Employers Must Beware of the Duty to Accommodate | Employment and Labor Law

Employment and Labor Law | The Court of Appeal upheld a Los Angeles Superior Court jury’s conclusion that the City of Los Angeles violated the Fair Employment Housing Act (F.E.H.A). Atkins v. City of Los Angeles. The decision, awarded 5 recruit officers who sustained various injuries while training in the police academy over $12 million- including millions in future economic damages. The five recruits were assigned to light duty administrative positions until it was determined that they had recovered fully or became permanently disabled. The Department amended that policy to impose a six-month limit on how long a recruit could stay in the program. The City notified the recruits that they had to return to the Academy or face termination. The 5 recruits were unable to obtain clearance to return to the Academy, and were terminated.

The jury found that the City had discriminated against the recruit officers because of their disabilities, by failing to provide them with reasonable accommodation, and by failing to engage in the interactive process.  The City appealed the decision, arguing that the FEHA duty to accommodate does not extend to an employee who was never qualified for the position into which he or she was hired. The City further argued that the City was not under any obligation to make the light duty positions permanent or to transfer the recruits to another job within the City- because there weren’t any positions available. The Court found that the city had a duty to accommodate the injured recruits consistent with the City’s past practice. While FEHA does not require light duty accommodations, the City could not apply a policy change to the recruits, who received light duty prior to the City’s change in policy. The City effectively denied them the same accommodation provided to past recruit officers.

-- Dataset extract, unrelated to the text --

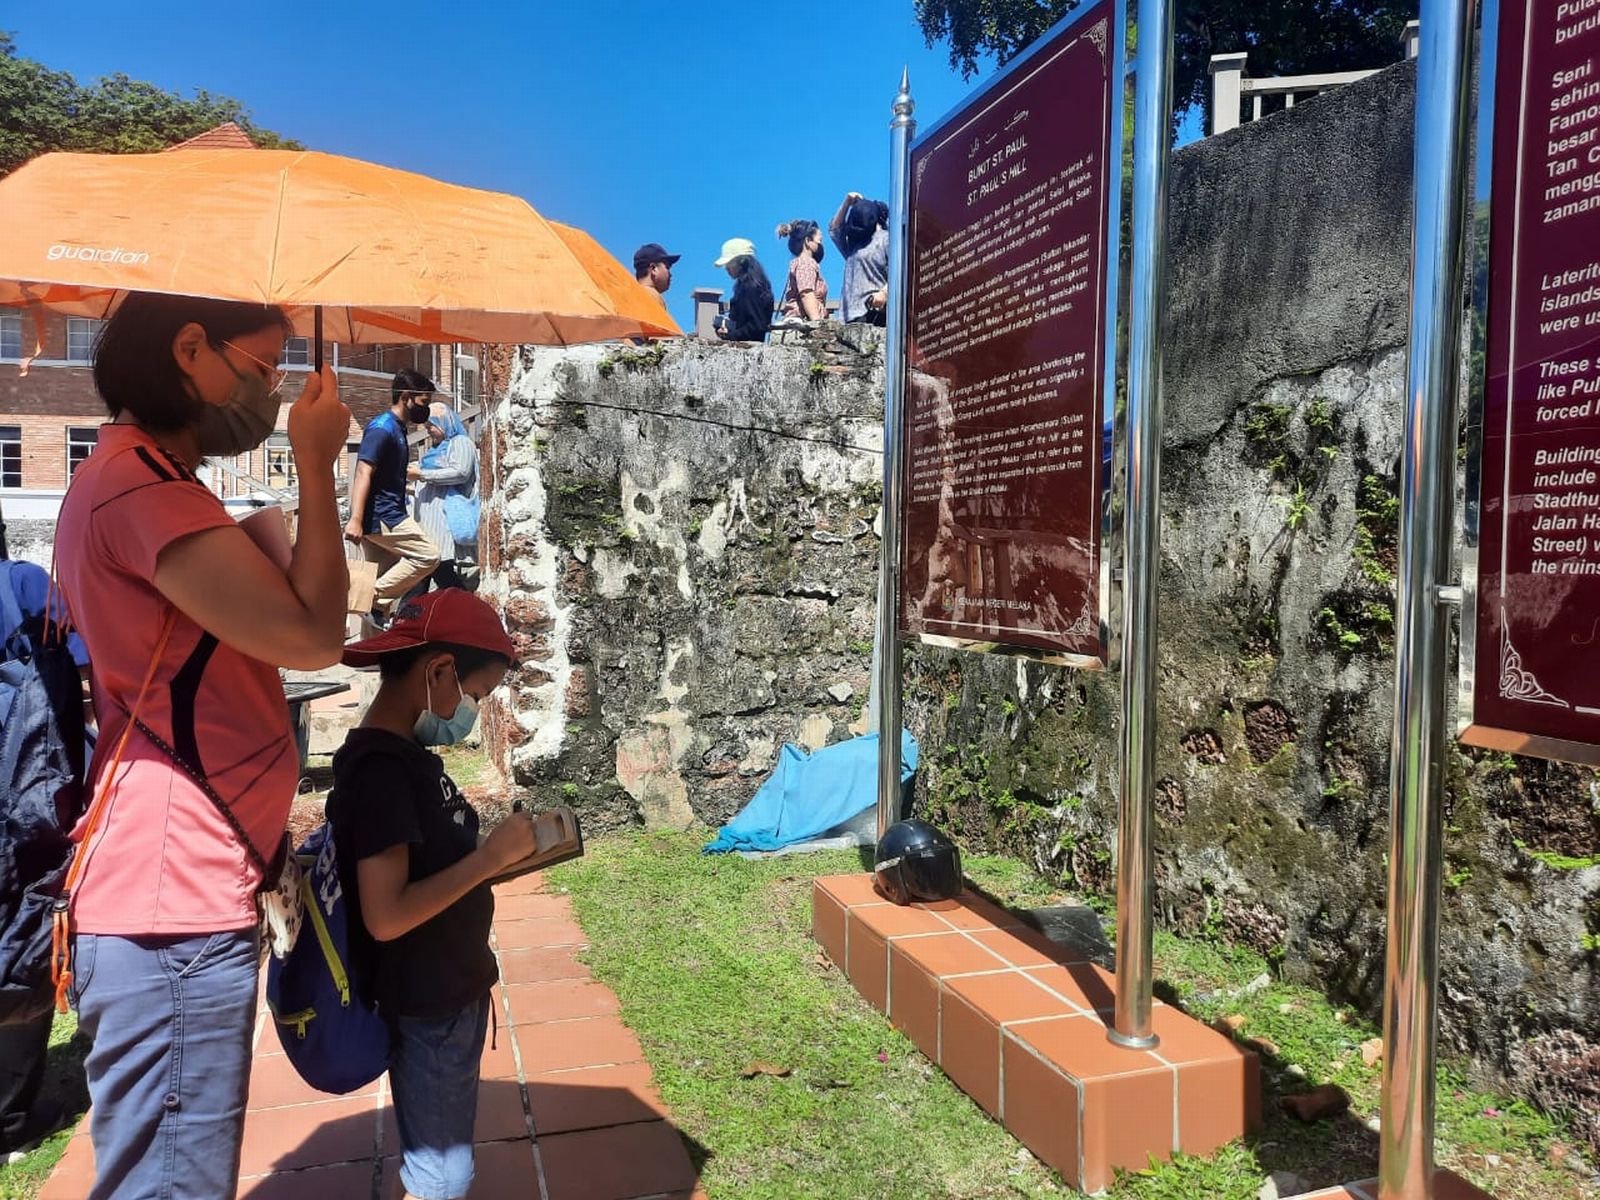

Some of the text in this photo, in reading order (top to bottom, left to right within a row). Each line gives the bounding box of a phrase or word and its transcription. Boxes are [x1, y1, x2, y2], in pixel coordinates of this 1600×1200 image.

Upon reviewing the future economic damages award, the award was reversed. The Court held that the basis of the award was speculative. The award was based on the assumption that all 5 recruit officers, had they not been terminated- would have gone on to pass academy and have long successful careers within the department. The City will have the opportunity to retry the claim for future economic damages.

What Atkins Means for Employers

This case is a bold reminder of the obligation that employers have to conduct an interactive process with individuals and determine whether a reasonable accommodation can be made. When an employer determines that an individual cannot be accommodated without participating in the interactive process (whether based solely upon medical evidence or an employer’s policy), it runs afoul of its legal obligations under the FEHA and the Americans with Disabilities Act.

It is important to note that every employment law situation is unique and this Employment Law  Update is not a replacement for legal counsel. If you have further questions or would like additional information, please contact Jerry Pearson at jpearson@youngwooldridge.com.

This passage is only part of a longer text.